Ainda pensando nessas macrofronteiras, o modelo de progressão linear da educação formal reproduz uma lógica contrária à pro¬posta por Marsico. A educação formal baseada nesta lógica parece privilegiar o desempenho do estudante diante das expectativas criadas pela própria escola ao invés de fomentar as potencialidades deste mesmo estudante.

Tomando-se como referência um grupo de estudantes que estão situados em uma mesma macrofronteira, o sexto ano (antiga quinta série do Ensino Fundamental II) por exemplo, as histórias de vida, crenças pessoais, potencialidades de cada um constituem microfronteiras que são desconsideradas diante da visão homogeneizada desses sujeitos por parte da escola. Quando um aluno apresenta alguma demanda específica, nomeada como queixa escolar, essas microfronteiras são evidenciadas, influenciando no atravessamento das macrofronteiras. Como exemplo, um estudante que apresente conflitos em seu ambiente familiar que reverberam em seus relacionamentos com colegas, evidencia que dentro de uma mesma classe há diversos sujeitos singulares (microfonteiras) e que a partir de suas histórias pessoais podem apresentar dificuldades no desempenho escolar e na progressão para a série seguinte (macrofronteiras).

Quando um fenômeno como este ocorre (a queixa escolar) ou quando existe alguma questão, uma “etiqueta” psiquiátrica – Transtorno de Déficit de Atenção e Hiperatividade (TDAH); Transtorno Opositivo Desafiador (TOD); dentre ouros), ou comportamentos que geram incômodo na família ou na escola, o diálogo parece surgir como uma necessidade diante do não saber o que fazer em relaçâo a este quadro. Nestes casos, o diálogo se coloca como “condição” para o desenvolvimento do aluno, e às vezes, até para sua permanência na escola. Se por um lado, esse diálogo pode gerar maior trânsito nas zonas de fronteiras, por outro, é marcado por muitas implicações e resistências. As fronteiras se tornam mais fluidas quando há presença do diálogo, mas ao mesmo tempo surgem dificuldades de falar sobre os assuntos e pensar no que pode ser feito. As zonas de fronteiras se tornam, então, zonas de negociação.

Surge, dessa forma, a demanda real para o atravessamento da fronteira entre a família e a escola. É comum que a família busque ajuda da escola ou procure esclarecer aspectos importantes relacionados às eventuais dificuldades apresentadas pela criança ou adolescente.

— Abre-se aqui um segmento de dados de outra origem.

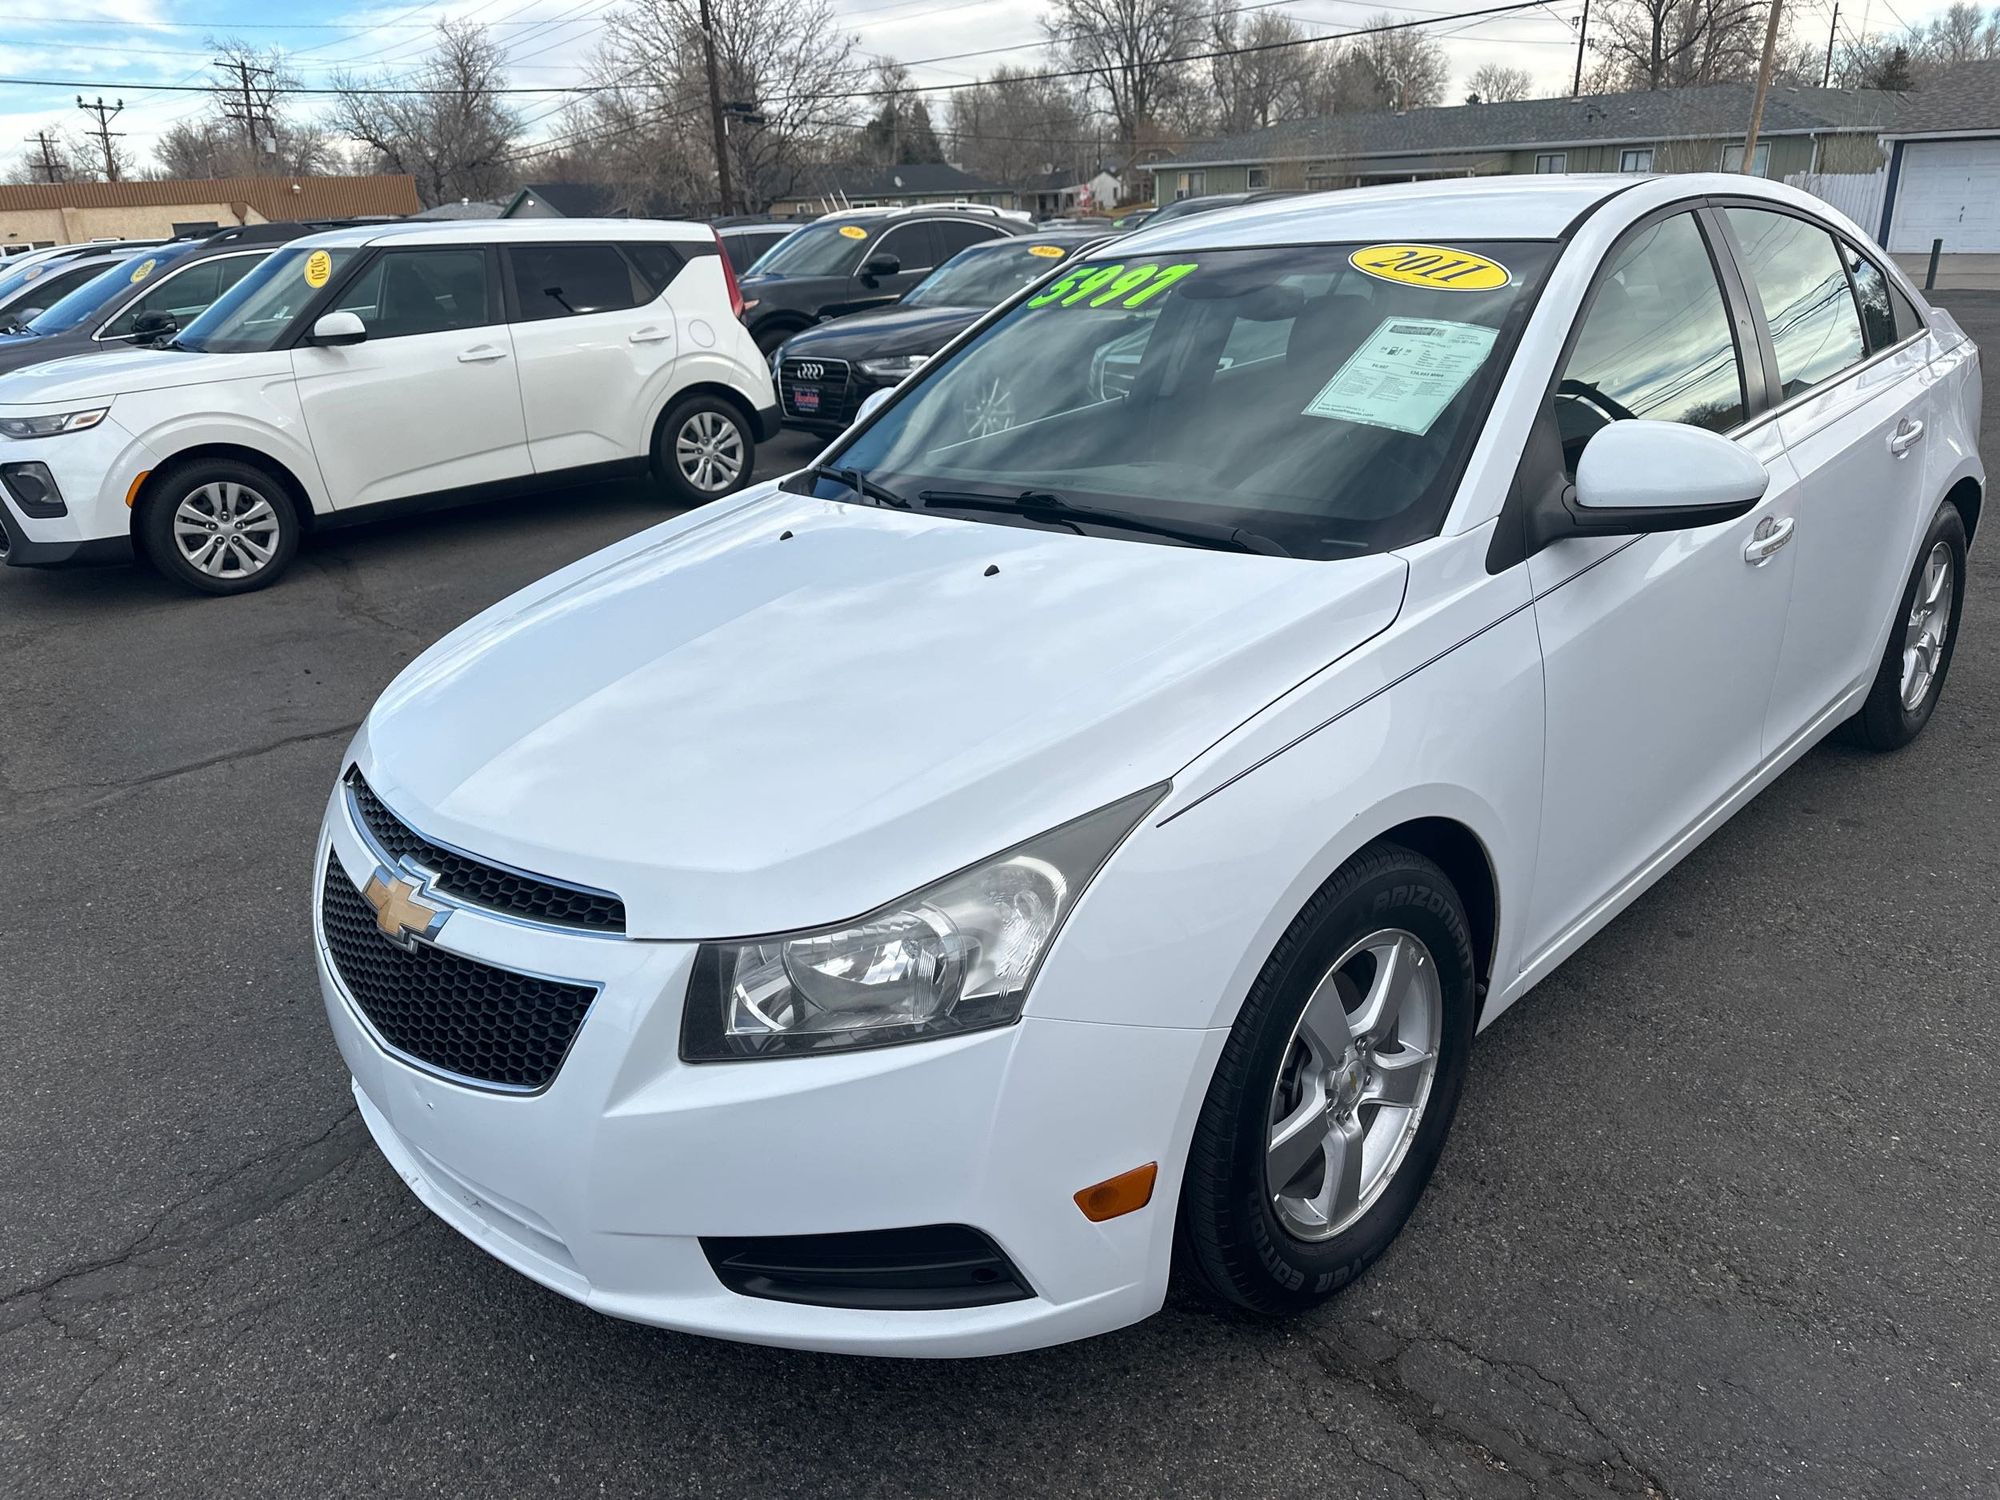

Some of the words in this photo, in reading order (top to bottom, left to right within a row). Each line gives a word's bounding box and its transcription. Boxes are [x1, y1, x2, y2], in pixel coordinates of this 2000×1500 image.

Do mesmo modo, frequentemente a escola procura a família para solicitar ajuda ou até mesmo encaminhar a criança para outros profissionais como, por exemplo, o parapedagogo:1 o médico, o psicólogo, o acompanhamente terapêutico e demais profissionais. Esses profissionais são convocados para responder às demandas de queixa escolar, que, na maioria das vezes, partem dos profissionais da escola ou da família, mas muito raramente dos estudantes.

Marsico desenvolve a ideia de que entre a escola e a família existe um terceiro lugar constituido pela fronteira entre os dois contextos e que emerge diante de situações que exigem o diálogo entre ambos os lados da fronteira. Em circustâncias nas quais a escola e a família são confrontadas a dar respostas sobre uma situação que desconhecem, como nos casos nos quais emerge um aluno-problema, observamos que esse terceiro lugar costumeiramente é ocupado pelos parapedagogos. Esses profissionais (médicos, psicólogos, terapeutas ocupacionais. etc) são convocados a responder, descrever e propor soluções para os conflitos que são supostamente o objeto de seu saber. Esses profissionais são, então, convocados a decifrar o enigma que se estabelece quando é identificado um “aluno-problema”.

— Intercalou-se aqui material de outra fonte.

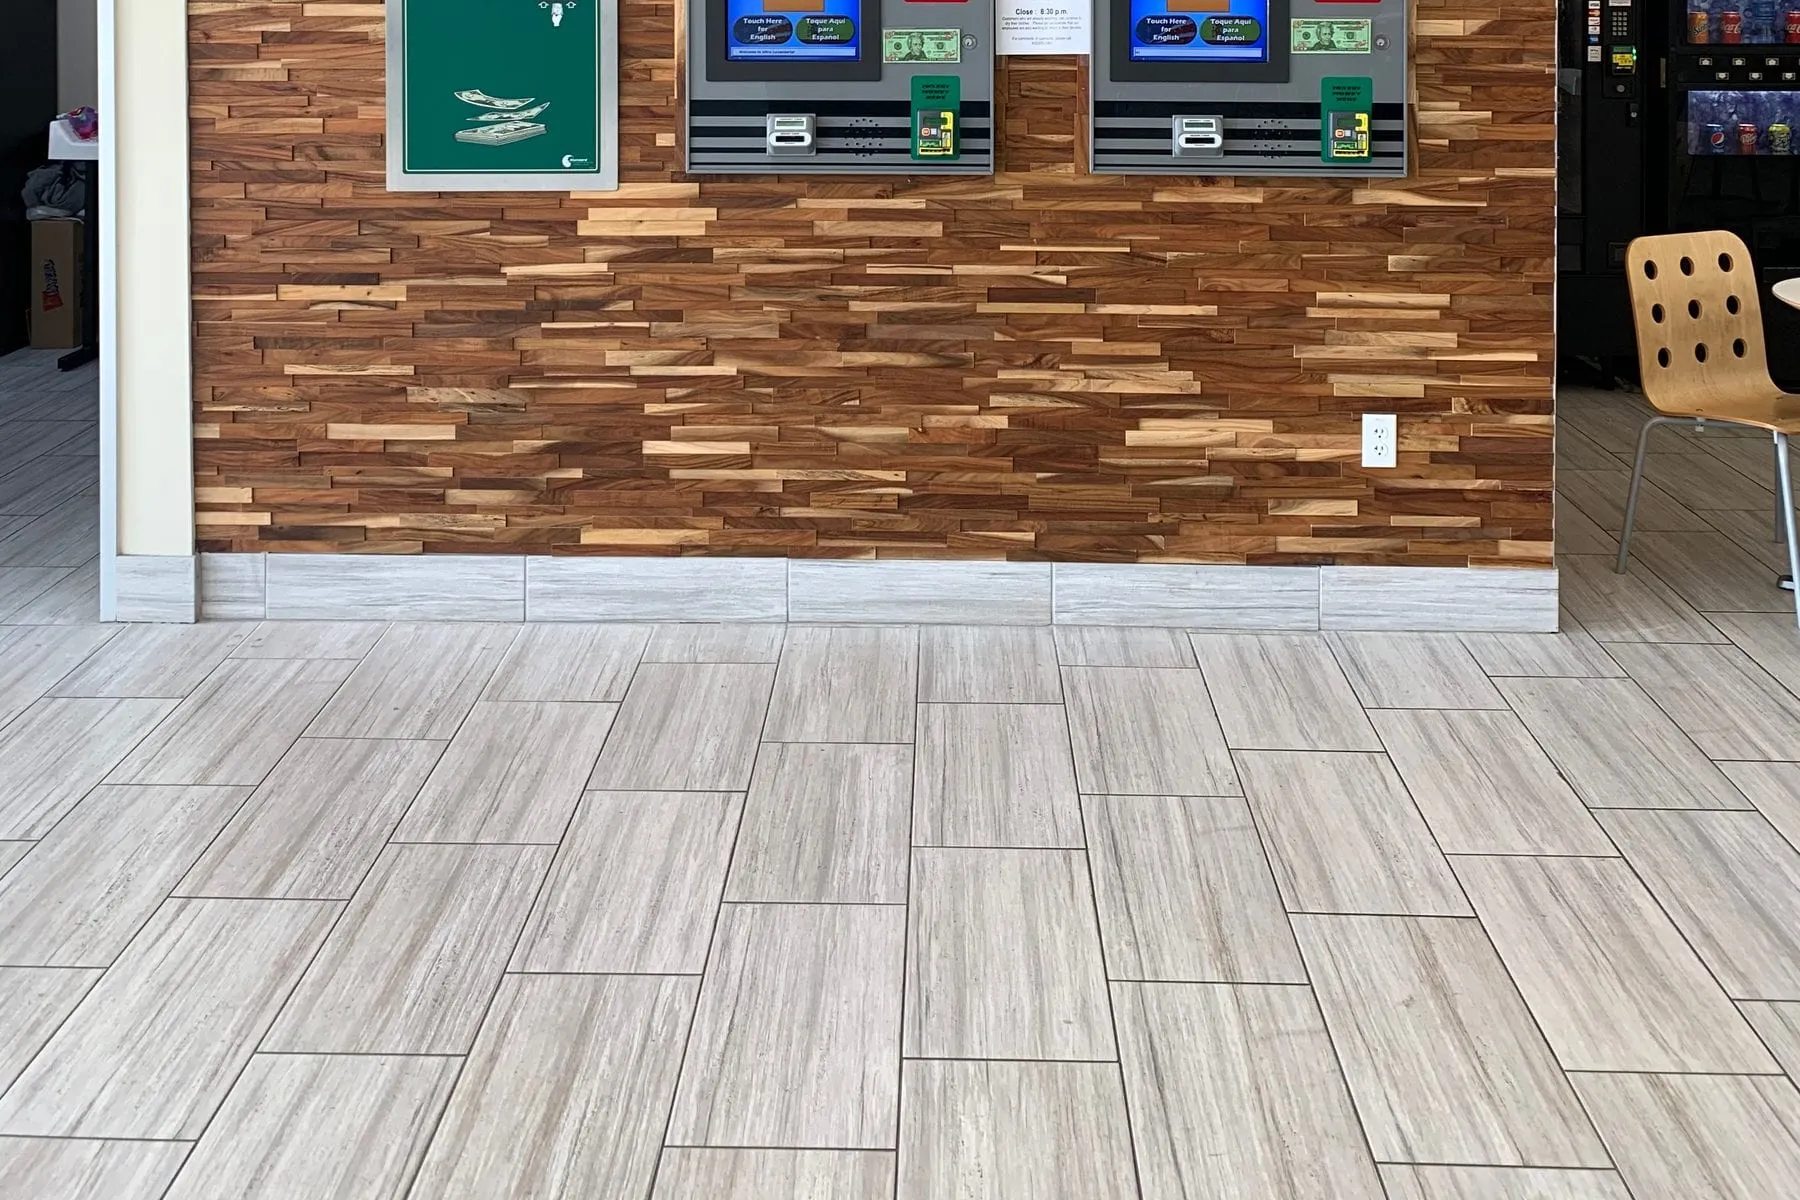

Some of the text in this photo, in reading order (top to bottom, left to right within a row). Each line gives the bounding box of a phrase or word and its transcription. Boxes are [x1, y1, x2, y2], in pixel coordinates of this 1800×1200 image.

A questão que se coloca é: em que medida esses profissionais que trabalham fora do espaço físico da escola (chamados “parapedagogos”, que apresentam consigo seus mais diversos tecnicismos) podem colaborar para a solução dos conflitos que acontecem na escola ou na família? Ao encontrarem uma classificação para os sintomas apresentados pelo estudante, e oferecerem uma etiqueta, não estariam reduzindo o fenômeno e criando marcas que podem afetar o desenvolvimento posterior da criança, ou do adolescente?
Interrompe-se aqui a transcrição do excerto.